As with Amazon, the picture is not perfect for Apple, but the Cupertino company manages to withstand the economic slump that currently reigns in the tech world. Admittedly, the American giant saw its revenues increase by barely 2% over one year, to 83 billion dollars, between April and June, and even its net profit fell by 11%, to 19.4 billion at the same time. , but these results exceeded analysts’ expectations. What allow him to reassure the markets, which welcomed his performance by raising the action of the Californian group by 3% after the closing of Wall Street this Thursday, July 28, 2022.

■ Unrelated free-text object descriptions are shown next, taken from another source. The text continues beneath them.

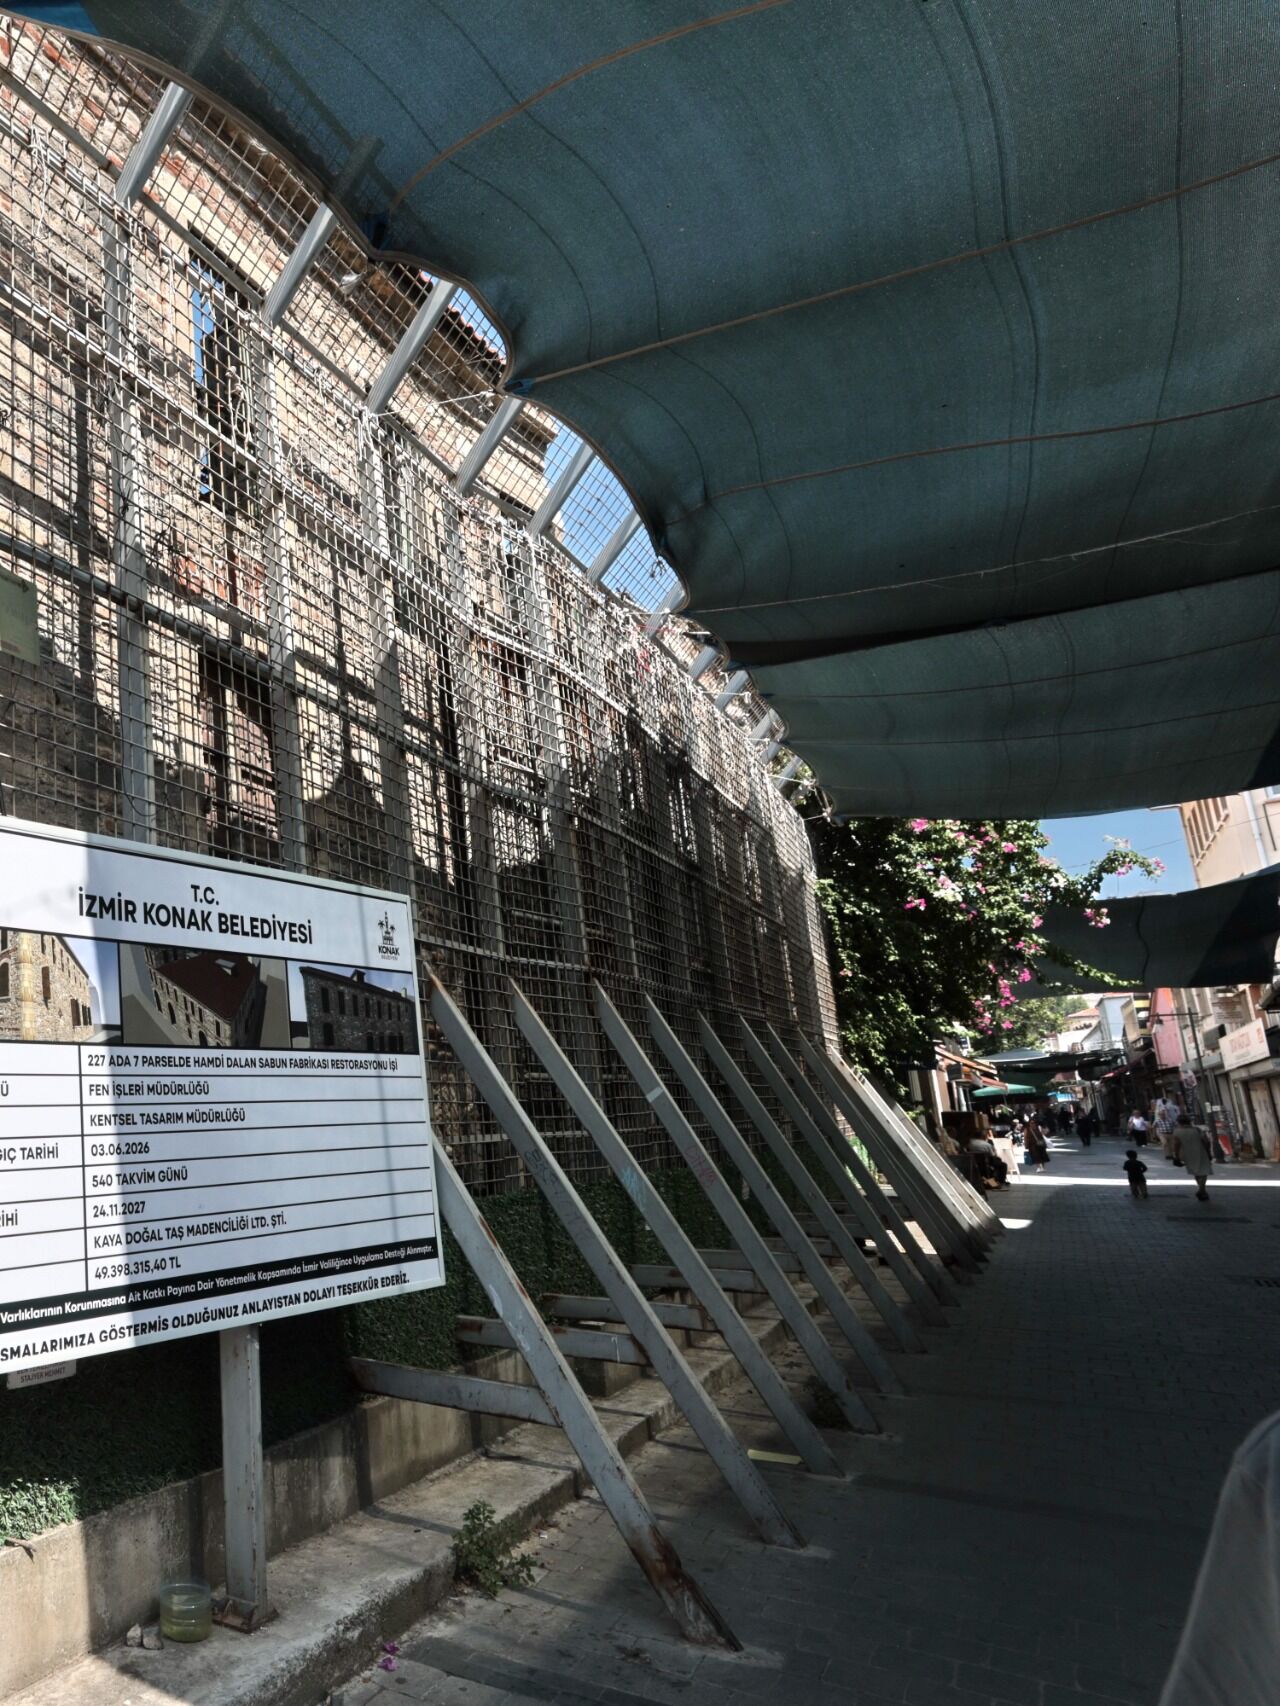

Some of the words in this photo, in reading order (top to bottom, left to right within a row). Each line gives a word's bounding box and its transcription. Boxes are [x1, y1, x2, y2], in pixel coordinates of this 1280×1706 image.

[191, 884, 220, 905] T.C.
[78, 887, 137, 923] İZMİR
[143, 903, 213, 932] KONAK
[219, 912, 313, 944] BELEDİYESİ
[378, 945, 400, 956] KONAK
[87, 1055, 106, 1067] 227
[108, 1055, 131, 1067] ADA
[133, 1056, 139, 1067] 7
[141, 1055, 191, 1068] PARSELDE
[193, 1054, 224, 1068] HAMDİ
[226, 1057, 256, 1068] DALAN
[258, 1057, 287, 1069] SABUN
[289, 1056, 329, 1070] FABRİKASI
[330, 1059, 388, 1071] RESTORASYONU
[389, 1057, 398, 1072] İŞİ
[89, 1084, 109, 1096] FEN
[112, 1081, 144, 1099] İŞLERİ
[147, 1081, 209, 1096] MÜDÜRLÜĞÜ
[90, 1113, 137, 1127] KENTSEL
[139, 1111, 184, 1125] TASARIM
[186, 1108, 246, 1124] MÜDÜRLÜĞÜ
[20, 1142, 59, 1160] TARİHİ
[90, 1141, 150, 1157] 03.06.2026
[92, 1174, 113, 1188] 540
[116, 1168, 156, 1186] TAKVİM
[158, 1166, 188, 1182] GÜNÜ
[93, 1201, 146, 1218] 24.11.2027
[94, 1234, 123, 1249] KAYA
[125, 1227, 163, 1245] DOĞAL
[165, 1226, 184, 1241] TAŞ
[186, 1215, 249, 1237] MADENCİLİĞİ
[251, 1215, 270, 1229] LTD.
[271, 1211, 287, 1229] ŞTİ.
[94, 1258, 167, 1280] 49.398.315,40
[168, 1256, 182, 1269] TL
[0, 1304, 63, 1324] Varlıklarının
[64, 1294, 126, 1314] Korunmasına
[128, 1290, 141, 1303] Ait
[143, 1286, 166, 1301] Katkı
[167, 1282, 196, 1298] Payına
[197, 1277, 214, 1291] Dair
[215, 1271, 256, 1288] Yönetmelik
[257, 1264, 302, 1282] Kapsamında
[302, 1260, 319, 1273] İzmir
[353, 1251, 384, 1267] Uygulama
[171, 1305, 239, 1329] OLDUĞUNUZ
[303, 1287, 336, 1303] DOLAYI
[380, 1270, 410, 1289] EDERİZ.

“Our June quarter results continued to demonstrate our ability to effectively manage our business despite a challenging operating environment. We set a revenue record for the quarter ended June and our installed base of active devices reached an all-time high. across all geographic segments and product categories”welcomed Luca Maestri, financial director of Apple. “During the quarter, we generated nearly $23 billion of operating cash flow, returned more than $28 billion to our shareholders, and continued to invest in our long-term growth plans.”he added.

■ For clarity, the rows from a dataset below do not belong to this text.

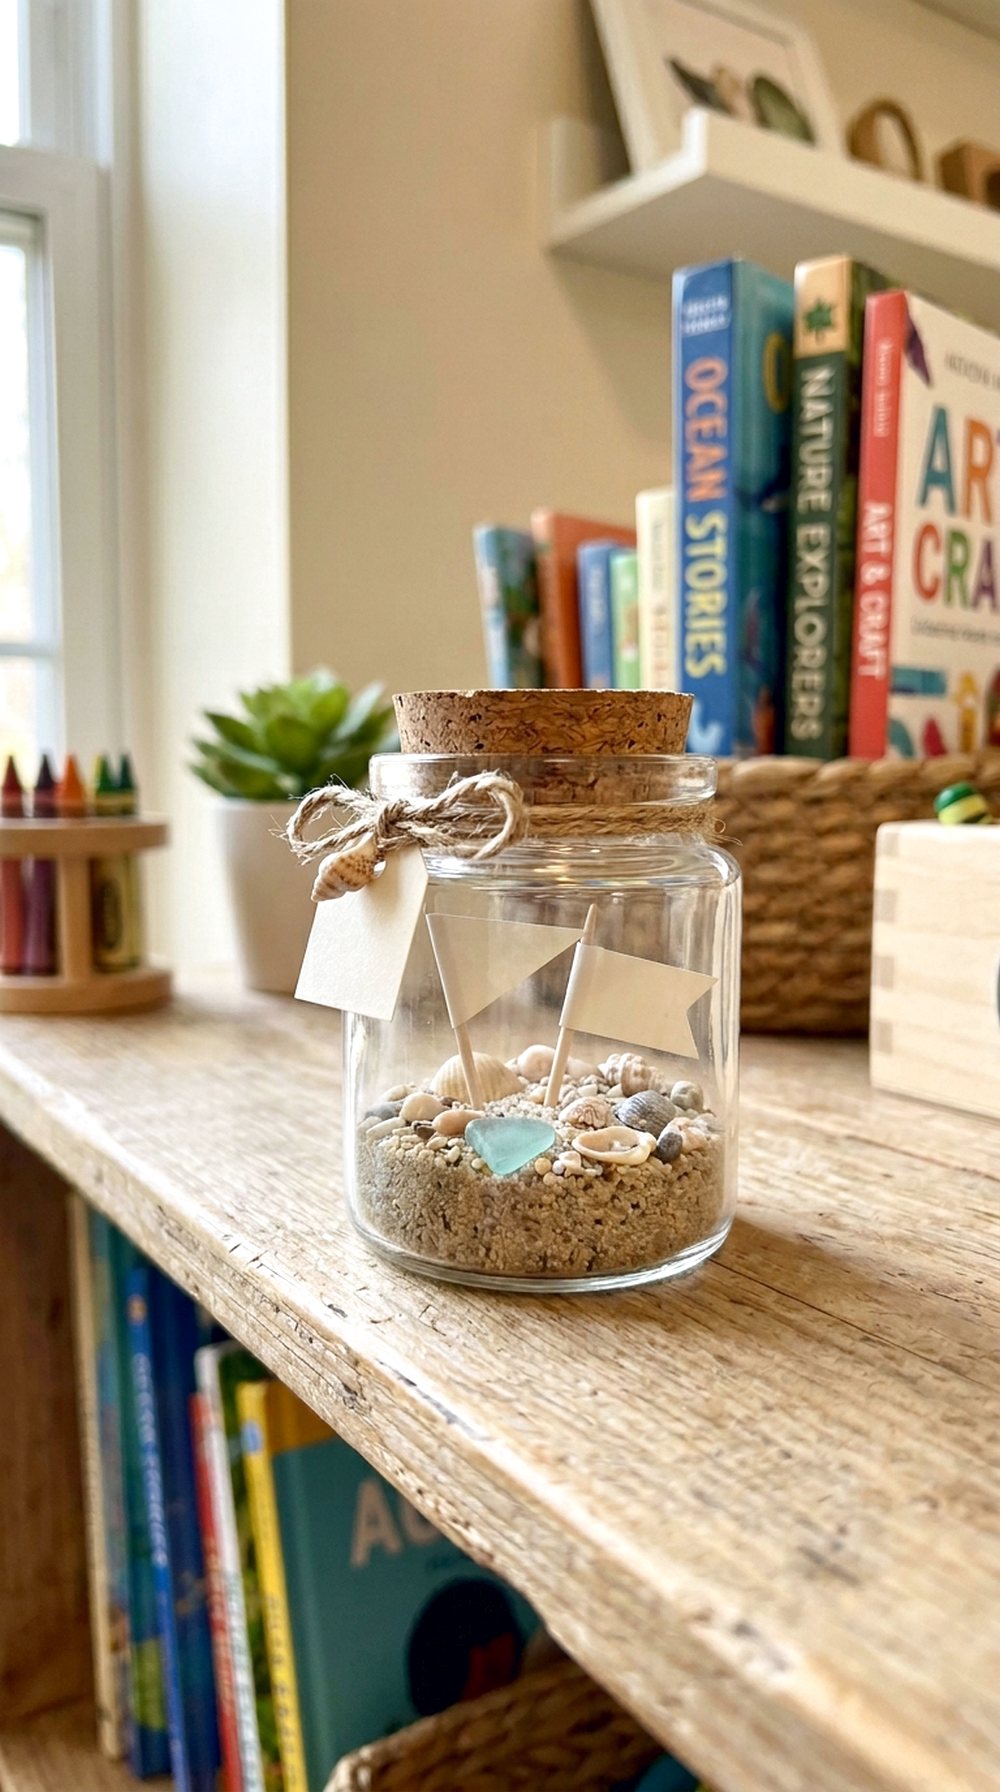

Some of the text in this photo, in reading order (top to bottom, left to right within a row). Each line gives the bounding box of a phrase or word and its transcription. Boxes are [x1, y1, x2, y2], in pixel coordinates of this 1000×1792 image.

[685, 355, 728, 502] OCEAN
[916, 403, 1000, 527] AR
[685, 509, 728, 679] STORIES
[791, 364, 835, 741] NATURE EXPLORERS
[857, 499, 893, 681] ART & CRAFT

The iPhone stronger than the shortage of semiconductors
Apple can once again thank its cash cow, namely the iPhone. Tim Cook’s star product group still accounts for half of its revenue, generating $40.7 billion in the third quarter of its fiscal year ended in June, more than $1 billion more than the same period last year. Given Apple’s reputation for perfectly managing its supply chains, we won’t call it a feat, but it’s still a hell of a performance in this period marked by a global shortage of electronic components. eternalizes.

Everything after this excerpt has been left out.